In that part of the litigation game, pertaining to the amendment of
pleadings, a Court only enters the fray as
an umpire if there is an
objection to the desired amendment. Until then, the rules of the
litigation game do not allow a Court
to play any role. What will
ignite the involvement of a court is a Rule 28(4) application. Rule
39(11) is not designed to deal
with pre-trial stage issues after
pleadings are considered to be closed within the contemplation of
Rule 29.
[37]
It appears to be the case that the MEC conflated
the purpose of Rule 39(11) with the situations catered for in Rules
21 and 23 of
the Uniform Rules. It was contended by the MEC that the
Rules 21 and 23 processes were swallowed by the Rule 39(11)
application.
It cannot be. For instance, Rule 21(2) lucidly provides
that after the close of pleadings any party may deliver a notice
requesting
only such further particulars as are strictly necessary to
enable him to prepare for trial. It must be stated that the
strictures
of the Rule cannot be by-passed through a bastardized Rule
39(11) application. If the requested particulars are not strictly
necessary
to enable preparation, such particulars may not be
requested. Rule 21(4) provides a remedy for failure to deliver the
strictly
necessary particulars. An application for (a) order for the
delivery; (b) dismissal of the action or striking of the defence; or
(c) an order a Court deems meet, may be made.
[38]
Rule 23 provides a remedy for taking an exception,
which if upheld will for instance obliterate particulars that do not
disclose
a cause of action. Again, it bears mentioning that a
bastardized Rule 39(11
) application cannot be used to achieve
an exception.
[39]
It must be remembered
that the right to amend is available to a party right up to before
judgment. Rule 28(10) specifically provides
that at any stage before
judgment, a Court may grant leave to amend any pleading
[25]
.
Accordingly, it cannot be correct, as ardently submitted, that
Kanjani had lost its right to amend, nor can it be said that its
failure to make a desire to amend constitutes an inordinate delay.

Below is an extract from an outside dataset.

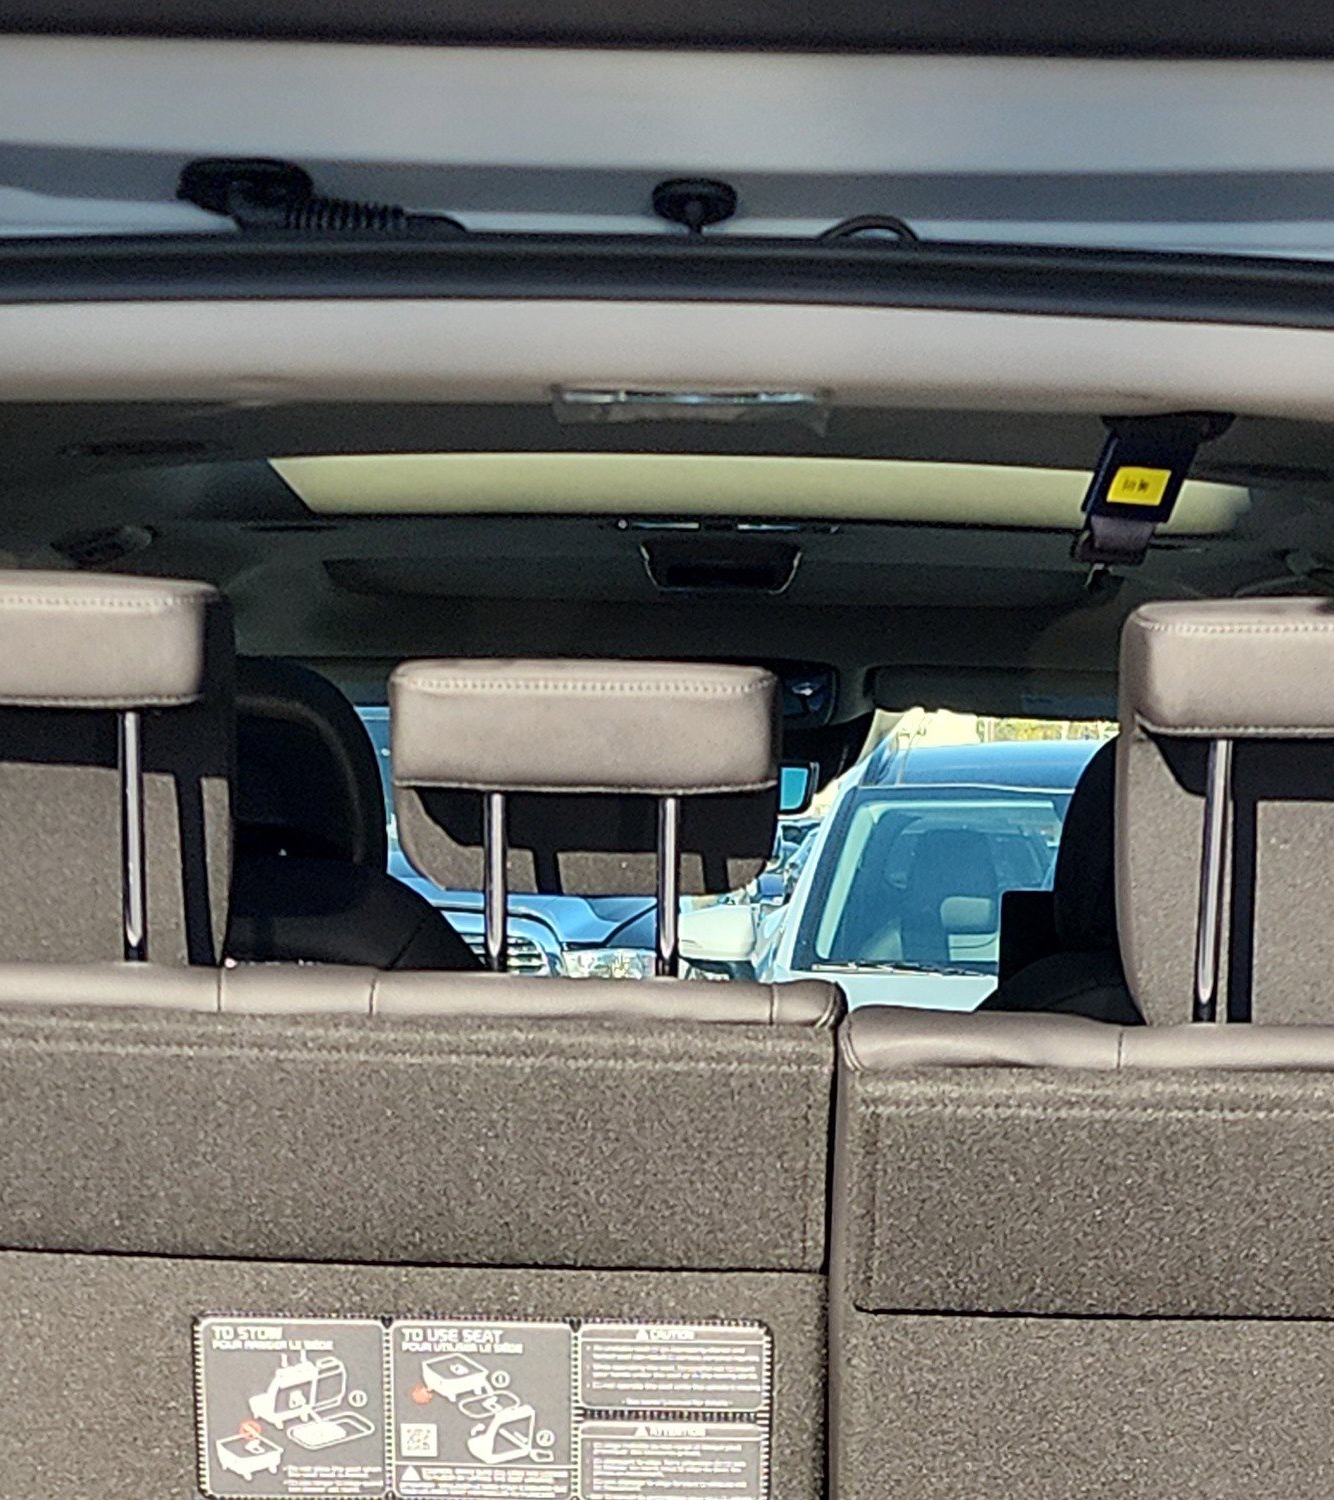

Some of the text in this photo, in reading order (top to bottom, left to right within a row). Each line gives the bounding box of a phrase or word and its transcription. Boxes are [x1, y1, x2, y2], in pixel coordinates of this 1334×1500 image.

The trial could have, as it did in the previous occasion, been
enrolled without any amendment being desired or made. Rule 29(2)(b)
of the Uniform Rules contemplates that any party may apply
for a
trial date. As such, once the overt manifestation to desire an
amendment does not materialise, the MEC could have applied
for a
trial date. This step could have saved the MEC from the misery of
surmising whether Kanjani has or has not lost interest.
Particularly
in a situation where its counterclaim also requires determination.
[40]
Accordingly, the conclusion this Court had reached is that the
learned Judge erred when he found that Kanjani
was compelled to
amend. Ordinarily, where a Court upholds an exception, it will only
afford a party an opportunity to amend so
as to regularise an
offending pleading. There is no way that a Court would compel a party
to amend. Any order to that effect will
definitely be a nullity since
it offends the principle of legality. A Court does not have such
powers to compel a party to amend.
Additionally, to the extent that
the learned Judge impliedly found that the period of not desiring to
amend amounts to an inordinate
delay, the Judge misdirected himself
in that regard.
[41]
Since
this Court finds that there was no inordinate delay demonstrated, it
is obsolete to deal with what the learned Judge refers
to as an
inexcusable explanation. There was simply nothing to be explained and
or excused. This Court shall in due course discuss
the issue of
settlement negotiations used to explain the delay of 10 months. For
now, this Court takes a firm view that a delay
of 10 months can never
be considered inordinate in the context of this case. An incorrect
impression was created by Mr Majavu that
there was possibly a delay
of ten years. A comment in passing is not altogether out of place. In
all the interlocutory applications,
(Rule 39(11) and the application
to dismiss the action), Mr Majavu is the main deponent. Of course,
there is nothing wrong, if
Mr Majavu had knowledge of all the facts
he deposed to. As confirmed in
Ganes
and another v Telecom Namibia Ltd
[26]
,
he requires no authority to testify. It is just peculiar, if
consideration is given to the fact that he joined the litigation
only
in 2017.
[42]
Turning to the most significant requirement of
serious prejudice. In this Court’s view, counsel for the
appellant is correct
when he submits that the MEC has failed to
demonstrate serious prejudice. At paragraph 20 of the judgment, the
learned judge correctly
held that the onus of proving what he termed
real prejudice, which is no different from serious prejudice, remains
with the defendant.
Howbeit, such prejudice must be pleaded by the
applicant for a dismissal of an action. The MEC pleaded prejudice in
the following
manner: -
“
4.37
This “never ending” litigation is causing serious
prejudice to the Department caused by it having to
carry a contingent
liability of approx. R140 million in its books (a capital of approx.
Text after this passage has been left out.